Saved data entries:

=-=-=-=-=

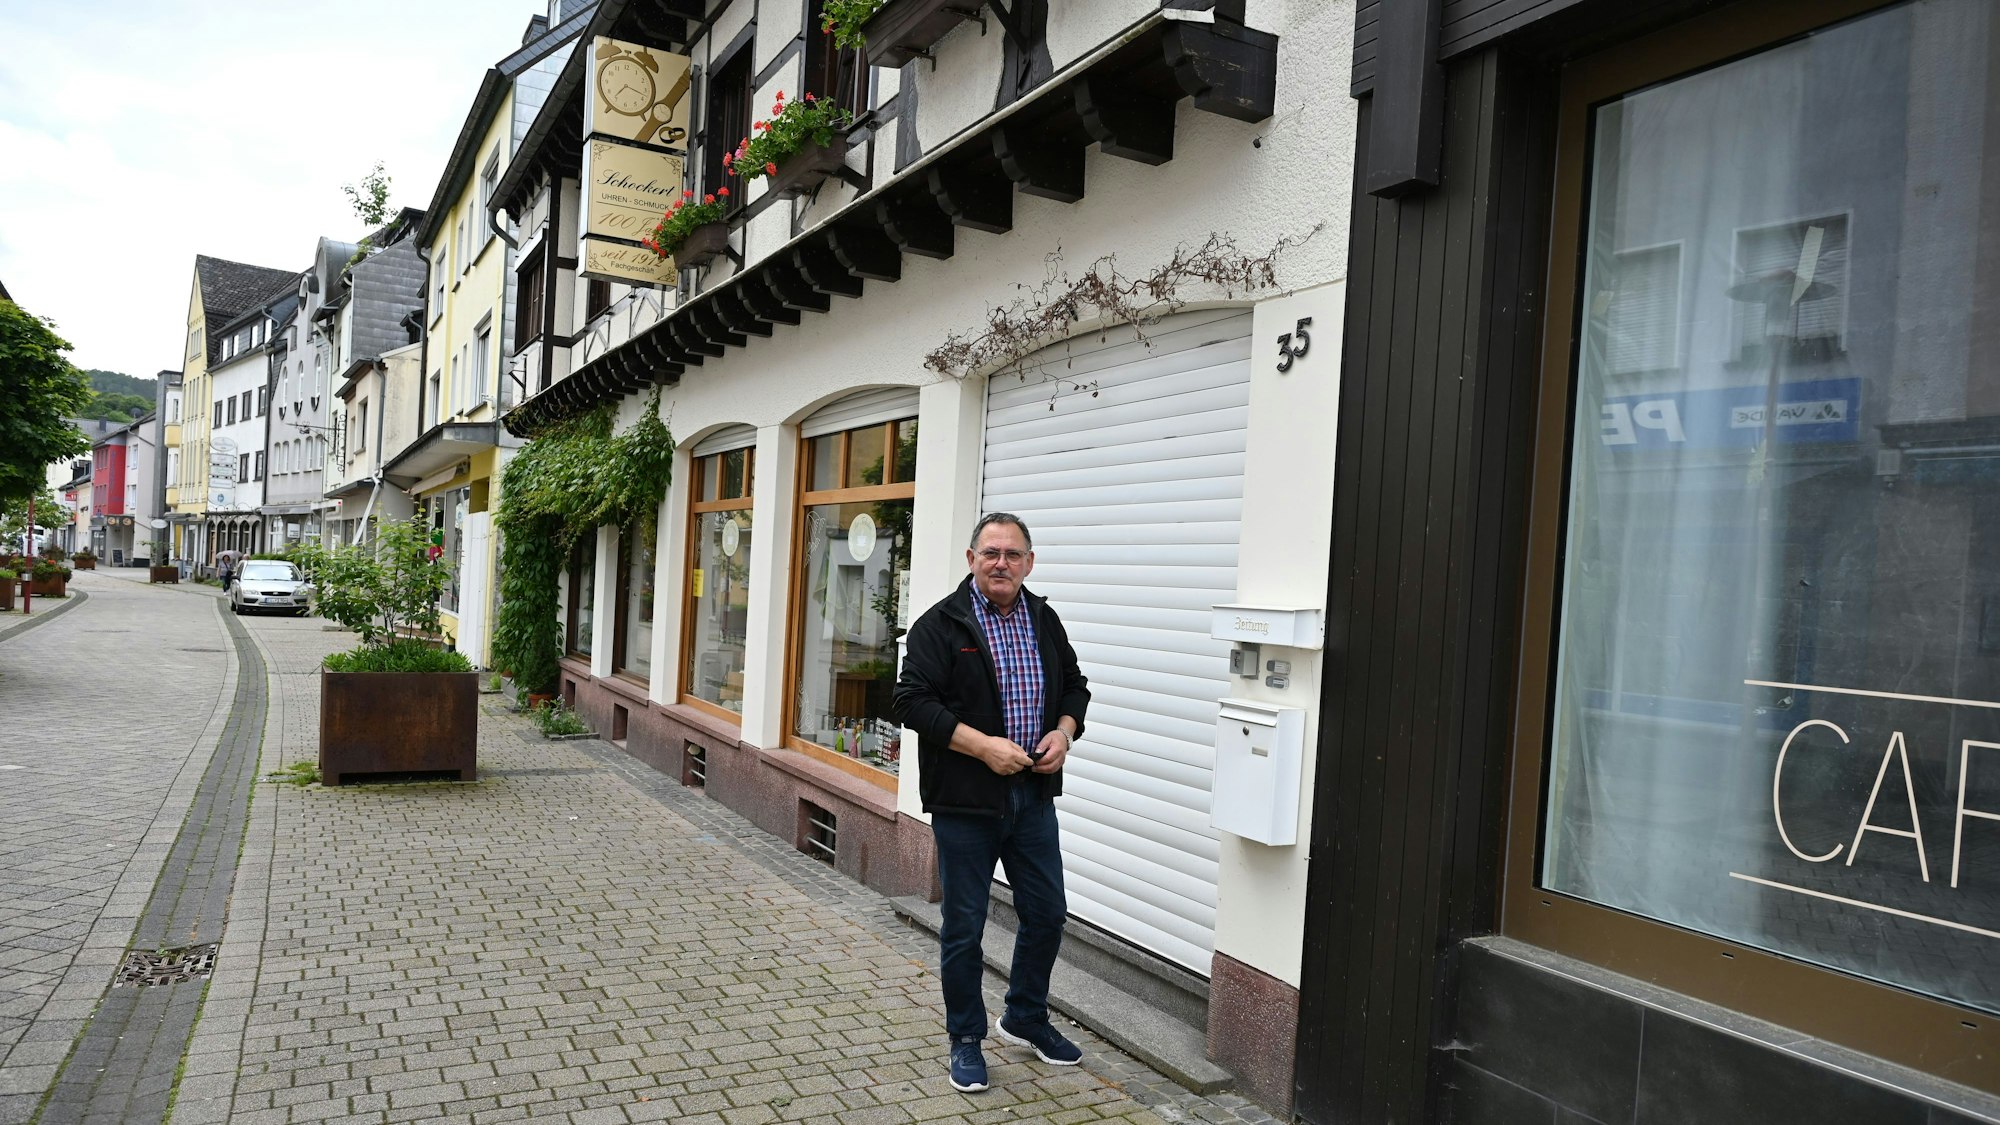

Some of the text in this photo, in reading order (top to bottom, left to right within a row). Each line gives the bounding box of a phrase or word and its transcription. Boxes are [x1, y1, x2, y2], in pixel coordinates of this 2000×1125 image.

[597, 169, 675, 197] Schockert
[601, 192, 628, 203] UHREN
[633, 198, 670, 210] SCHMUCK
[598, 212, 636, 229] 100
[600, 249, 628, 261] seit
[1276, 317, 1312, 373] 35
[1234, 616, 1270, 636] Zeitung

=-=-=-=-=

Every record must be copied exactly, with the pictures left out.

Some of the text in this photo, in reading order (top to bottom, left to right within a row). Each line gives the bounding box of a phrase or word and its transcription. Boxes are [x1, y1, x2, y2], in pixel coordinates of this 2000×1125 image.

[597, 169, 675, 197] Schockert
[601, 192, 628, 203] UHREN
[633, 198, 670, 210] SCHMUCK
[598, 212, 636, 229] 100
[600, 249, 628, 261] seit
[1276, 317, 1312, 373] 35
[1234, 616, 1270, 636] Zeitung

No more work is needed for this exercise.